#### DATA LISTING ####

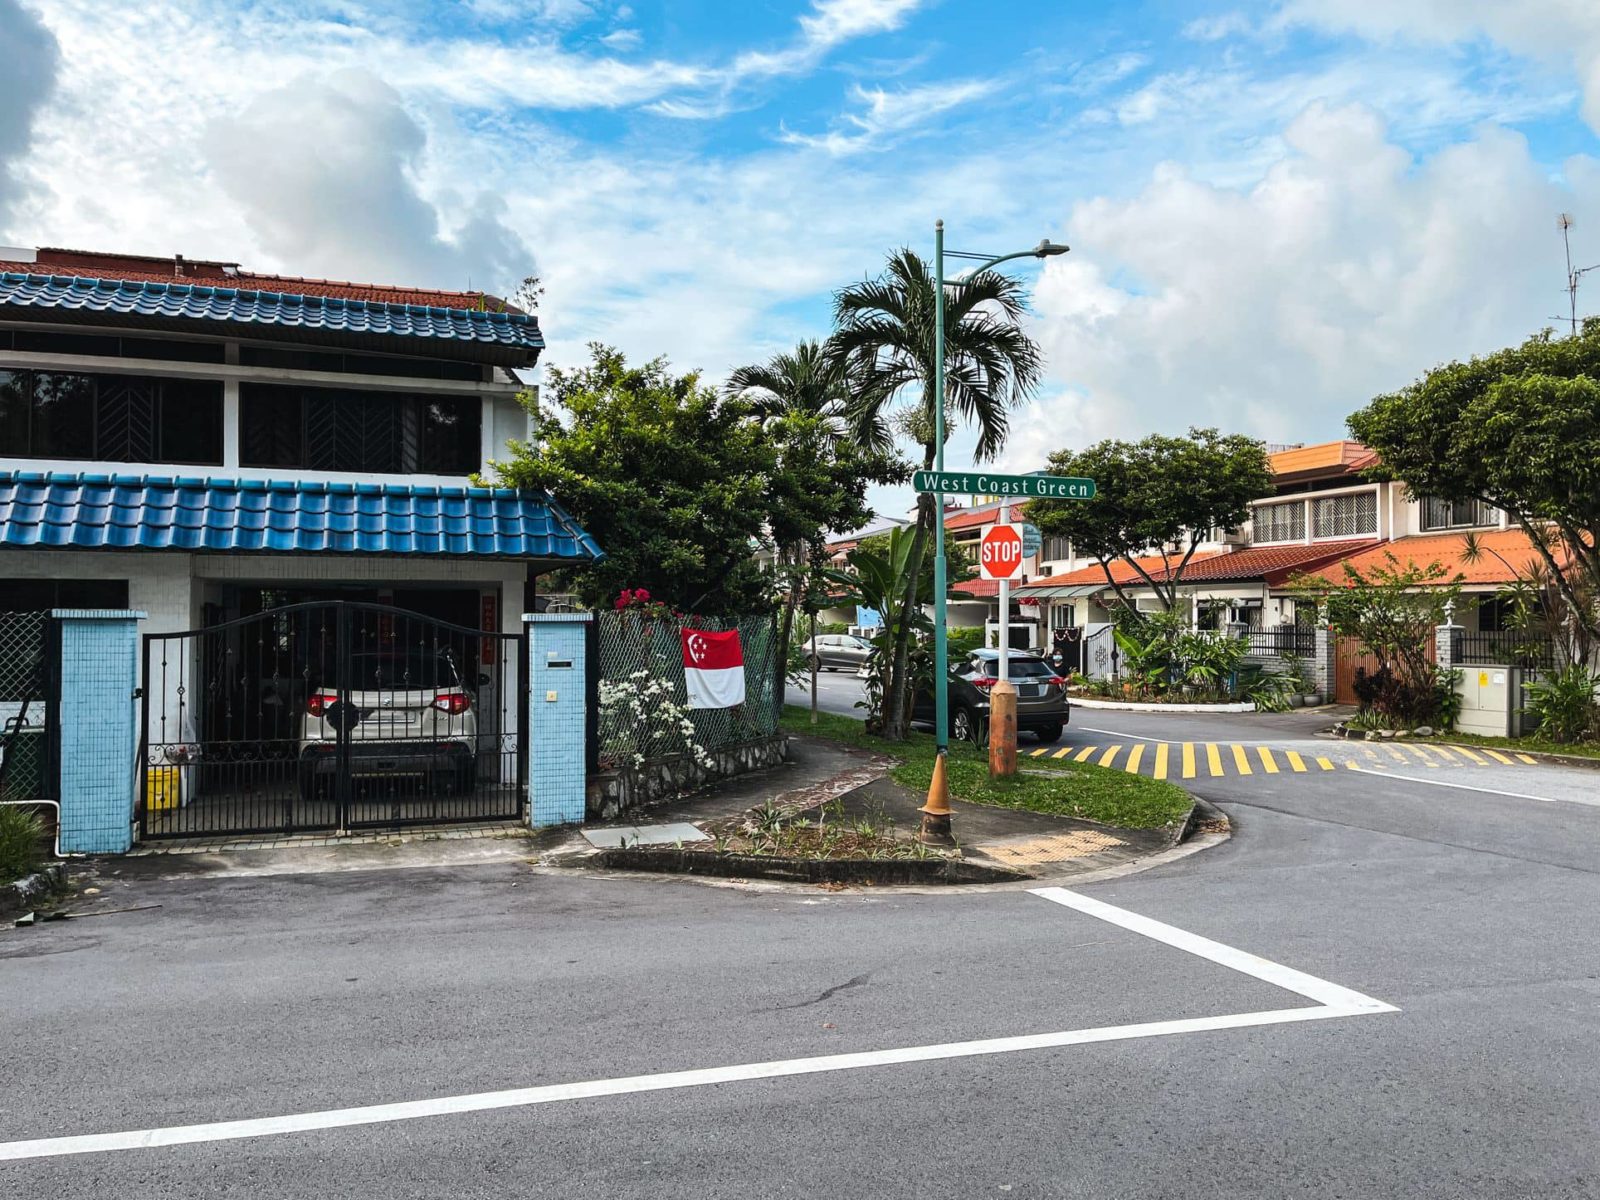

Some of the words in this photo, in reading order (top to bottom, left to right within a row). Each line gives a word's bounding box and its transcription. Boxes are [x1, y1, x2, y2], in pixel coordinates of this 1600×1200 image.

[923, 474, 969, 492] West
[977, 476, 1028, 494] Coast
[1036, 478, 1088, 497] Green
[983, 541, 1021, 563] STOP

####

## PROBLEM TO WORK ON
Excluding the pictures, restate the records above word for word.

## ANSWER SPACE
Some of the words in this photo, in reading order (top to bottom, left to right within a row). Each line gives a word's bounding box and its transcription. Boxes are [x1, y1, x2, y2], in pixel coordinates of this 1600×1200 image.

[923, 474, 969, 492] West
[977, 476, 1028, 494] Coast
[1036, 478, 1088, 497] Green
[983, 541, 1021, 563] STOP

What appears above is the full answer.